[Records from a collection]
------------

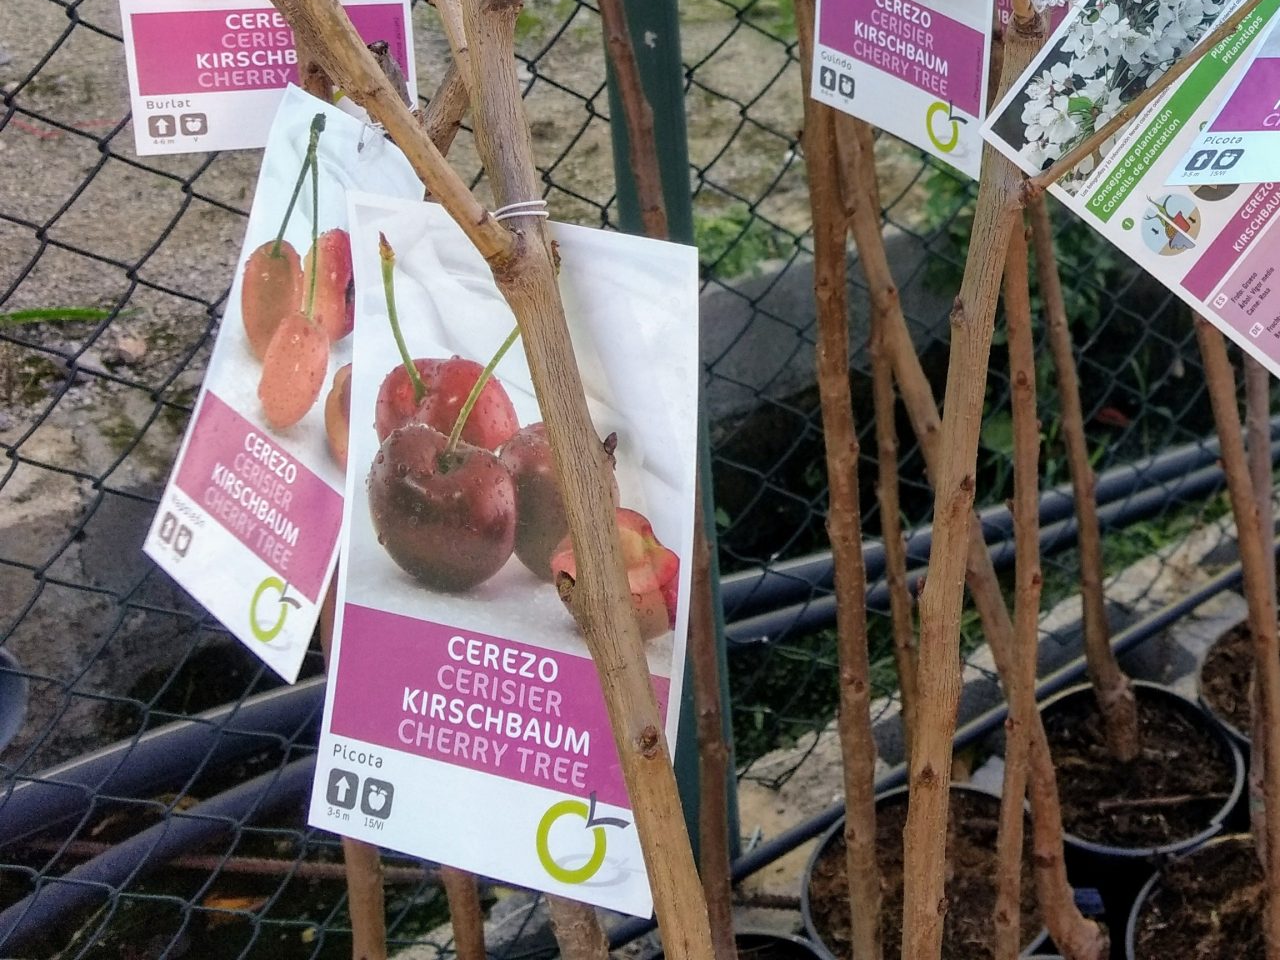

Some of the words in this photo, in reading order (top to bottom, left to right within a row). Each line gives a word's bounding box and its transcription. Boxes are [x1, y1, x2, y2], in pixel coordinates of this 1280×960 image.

[224, 12, 290, 30] CERE
[870, 6, 934, 51] CERISIER
[1220, 14, 1265, 64] Pflanztipps
[195, 49, 298, 70] KIRSCHB
[820, 47, 852, 72] Guindo
[853, 37, 909, 78] CHERRY
[912, 64, 948, 97] TREE
[854, 18, 948, 78] KIRSCHBAUM
[197, 68, 292, 88] CHERRY
[146, 98, 191, 110] Burlat
[1128, 105, 1175, 157] plantación
[1202, 135, 1244, 144] Picota
[1100, 173, 1136, 213] Conseils
[1129, 160, 1145, 176] de
[1139, 116, 1182, 165] plantation
[1122, 153, 1136, 168] de
[1090, 166, 1128, 208] Consejos
[1238, 179, 1275, 220] CEREZO
[1214, 295, 1225, 306] ES
[1230, 287, 1245, 303] Fruto:
[1241, 271, 1258, 289] Grueso
[1237, 292, 1253, 309] Árbol:
[1249, 280, 1264, 296] Vigor
[1259, 265, 1275, 282] medio
[1245, 298, 1262, 316] Carne:
[1258, 286, 1271, 300] Rosa
[1250, 324, 1261, 336] DE
[242, 428, 298, 488] CEREZO
[231, 448, 293, 513] CERISIER
[210, 459, 300, 549] KIRSCHBAUM
[202, 482, 256, 542] CHERRY
[254, 526, 292, 573] TREE
[446, 633, 559, 685] CEREZO
[435, 662, 563, 718] CERISIER
[401, 685, 590, 757] KIRSCHBAUM
[332, 741, 384, 769] Picota
[396, 716, 508, 770] CHERRY
[515, 746, 588, 789] TREE
[326, 805, 340, 819] 3-5
[363, 816, 384, 831] 15/VI

------------

Brief:
All of the entries above are to be transcribed word for word, with no pictures included.

Output for this task:
Some of the words in this photo, in reading order (top to bottom, left to right within a row). Each line gives a word's bounding box and its transcription. Boxes are [x1, y1, x2, y2], in pixel coordinates of this 1280×960 image.

[224, 12, 290, 30] CERE
[870, 6, 934, 51] CERISIER
[1220, 14, 1265, 64] Pflanztipps
[195, 49, 298, 70] KIRSCHB
[820, 47, 852, 72] Guindo
[853, 37, 909, 78] CHERRY
[912, 64, 948, 97] TREE
[854, 18, 948, 78] KIRSCHBAUM
[197, 68, 292, 88] CHERRY
[146, 98, 191, 110] Burlat
[1128, 105, 1175, 157] plantación
[1202, 135, 1244, 144] Picota
[1100, 173, 1136, 213] Conseils
[1129, 160, 1145, 176] de
[1139, 116, 1182, 165] plantation
[1122, 153, 1136, 168] de
[1090, 166, 1128, 208] Consejos
[1238, 179, 1275, 220] CEREZO
[1214, 295, 1225, 306] ES
[1230, 287, 1245, 303] Fruto:
[1241, 271, 1258, 289] Grueso
[1237, 292, 1253, 309] Árbol:
[1249, 280, 1264, 296] Vigor
[1259, 265, 1275, 282] medio
[1245, 298, 1262, 316] Carne:
[1258, 286, 1271, 300] Rosa
[1250, 324, 1261, 336] DE
[242, 428, 298, 488] CEREZO
[231, 448, 293, 513] CERISIER
[210, 459, 300, 549] KIRSCHBAUM
[202, 482, 256, 542] CHERRY
[254, 526, 292, 573] TREE
[446, 633, 559, 685] CEREZO
[435, 662, 563, 718] CERISIER
[401, 685, 590, 757] KIRSCHBAUM
[332, 741, 384, 769] Picota
[396, 716, 508, 770] CHERRY
[515, 746, 588, 789] TREE
[326, 805, 340, 819] 3-5
[363, 816, 384, 831] 15/VI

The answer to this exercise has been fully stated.